Among the new: the creation of a center at the National Institutes of Health to assist biotechnology entrepreneurs to develop new products to diagnose and treat diseases. The National Center for Advancing Translational Sciences, which has drawn some controversy, will provide scientific resources to researchers to help speed the time it takes to devise medicines and diagnostic tests. The White House also promised to produce a plan, dubbed the National Biomedical Blueprint, that will outline national strategies for, among other things, greater training to "develop the next generation of scientists and engineers." The plan is due by January 2012.

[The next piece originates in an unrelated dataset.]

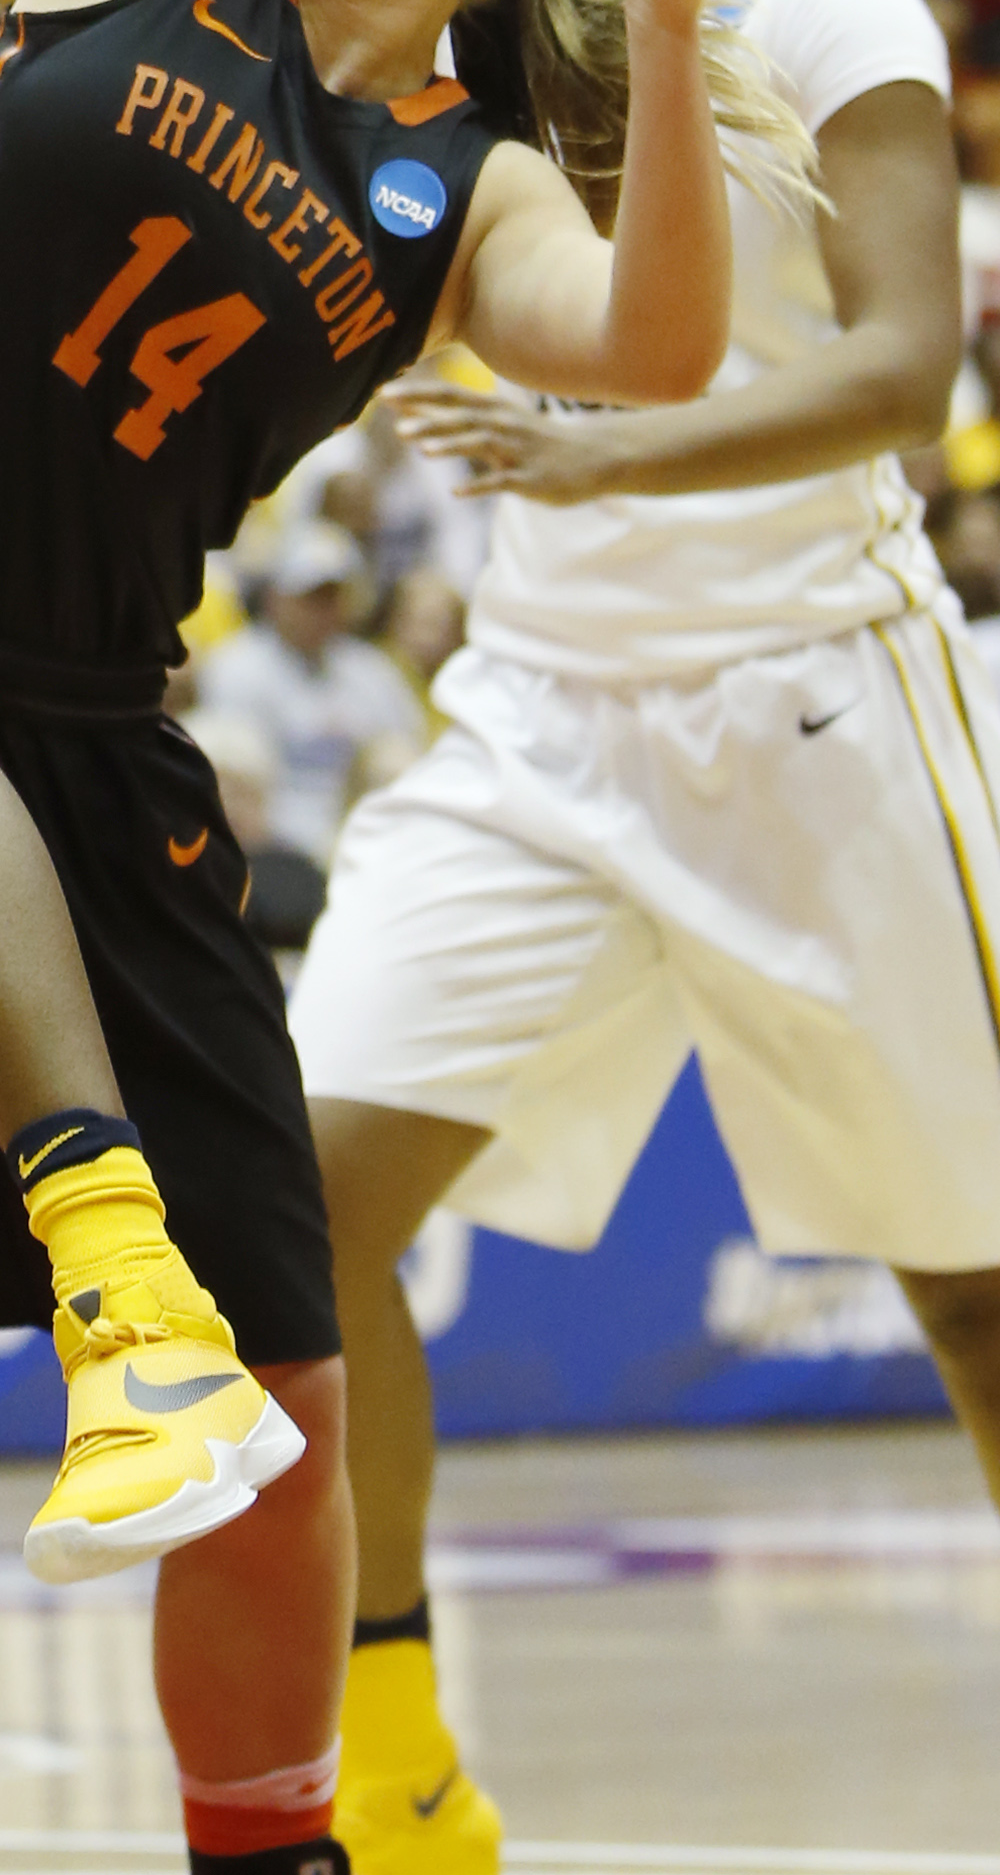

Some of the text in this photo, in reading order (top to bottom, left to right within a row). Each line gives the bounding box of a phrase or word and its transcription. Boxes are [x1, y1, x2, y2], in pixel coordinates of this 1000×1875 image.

The White House has been urging universities to improve their research-commercialization practices, as part of a larger national effort to create jobs. In conjunction with the bill-signing ceremony, the White House and two higher-education associations said more than 40 institutions had formally committed to expand their commercialization efforts, although it was hardly clear whether their particular moves—things like an informational Web site for industry partners at Rutgers University and a streamlined licensing process for start-up companies at the Georgia Institute of Technology—had come in response to the White House efforts or as part of universities' longstanding push in that direction.

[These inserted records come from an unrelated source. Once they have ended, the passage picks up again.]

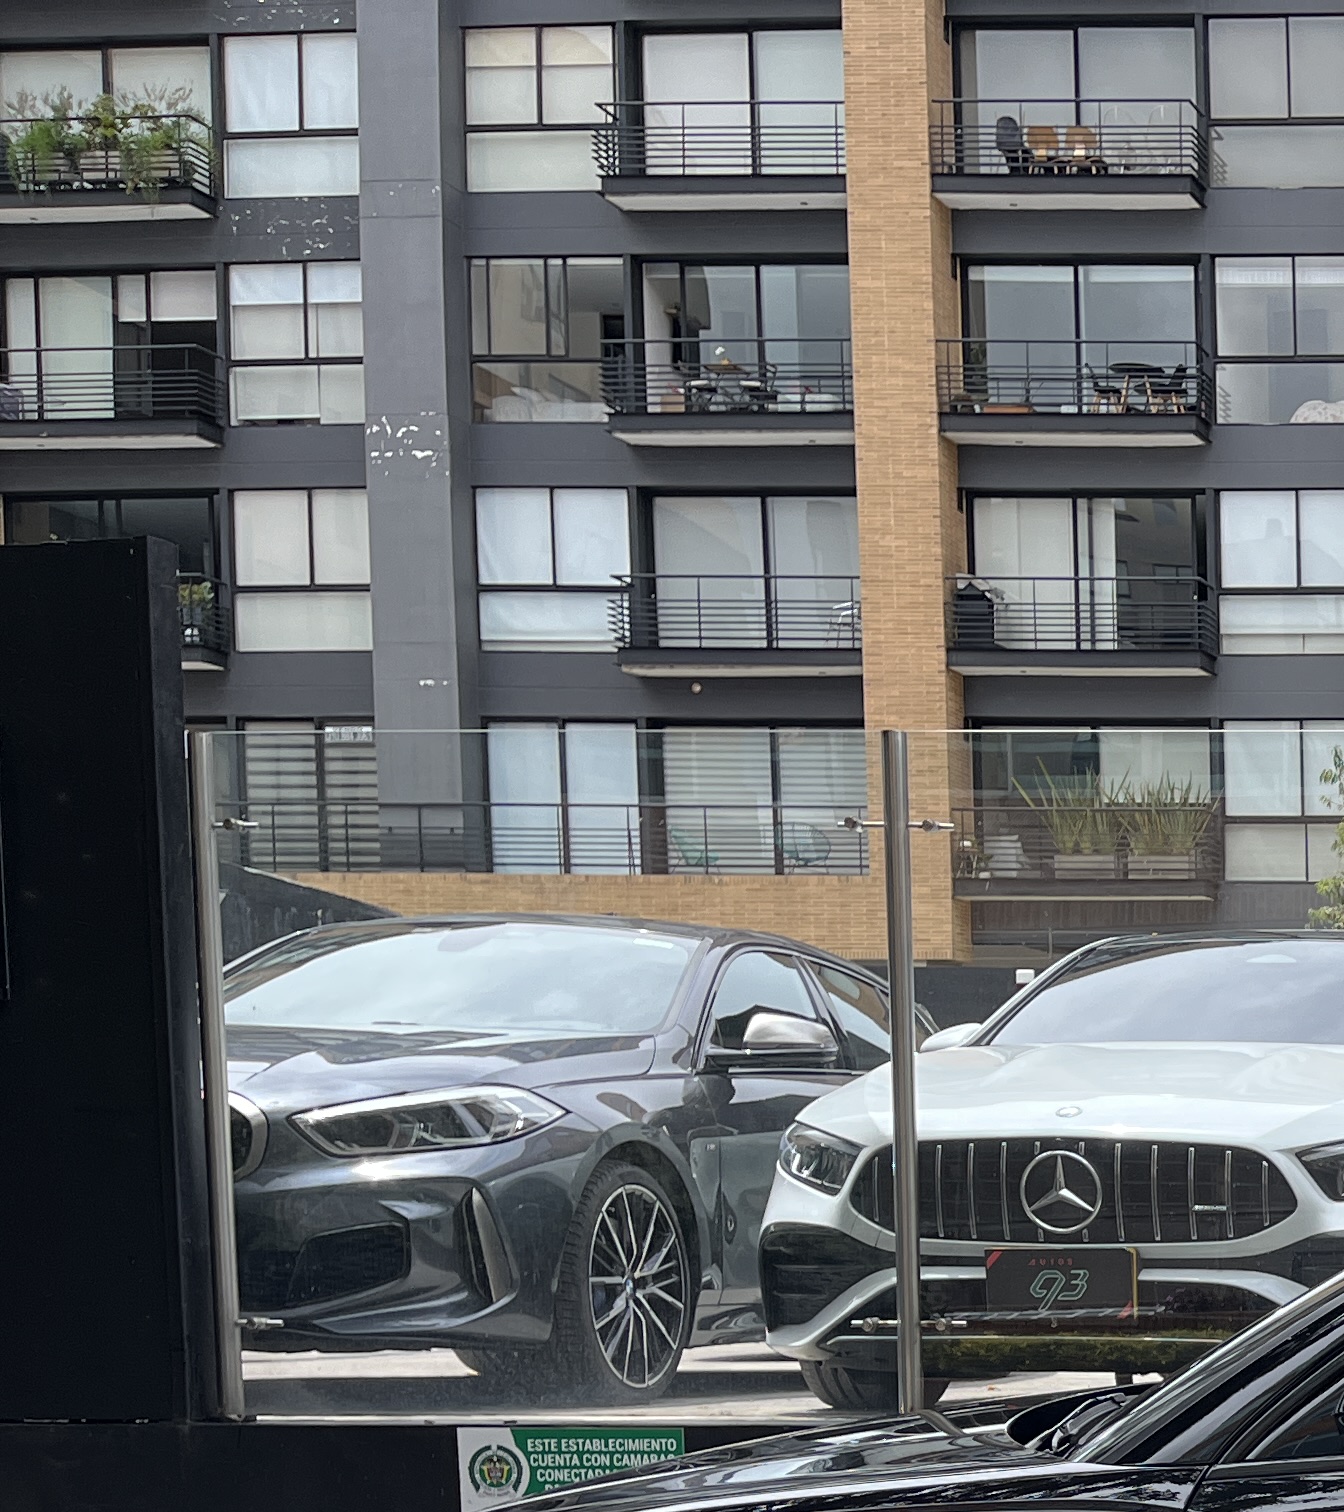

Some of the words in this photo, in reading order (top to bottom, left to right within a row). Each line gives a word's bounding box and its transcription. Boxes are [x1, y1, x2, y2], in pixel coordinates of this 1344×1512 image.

[1030, 1269, 1090, 1313] 93
[526, 1438, 559, 1452] ESTE
[561, 1438, 677, 1452] ESTABLECIMIENTO
[530, 1453, 580, 1467] CUENTA
[582, 1453, 611, 1467] CON

As part of its announcement, the White House also touted the news that the Wallace H. Coulter Foundation, which runs a well-regarded research-commercialization program, had chosen four universities to take part in its Translational Research Partnership program: the Johns Hopkins University and the Universities of Louisville, Missouri, and Pittsburgh.
In fact, the foundation has chosen six institutions for its new program. The fifth is the University of Southern California, and the sixth has yet to make the news public. Also, according to the foundation, the university partners in the new program will not be eligible for $20-millon endowments, as the White House described it in its announcement. But they will receive two-to-one matching grants to create a five-year, $5-million program to help pay for testing and similar work needed to turn ideas into products.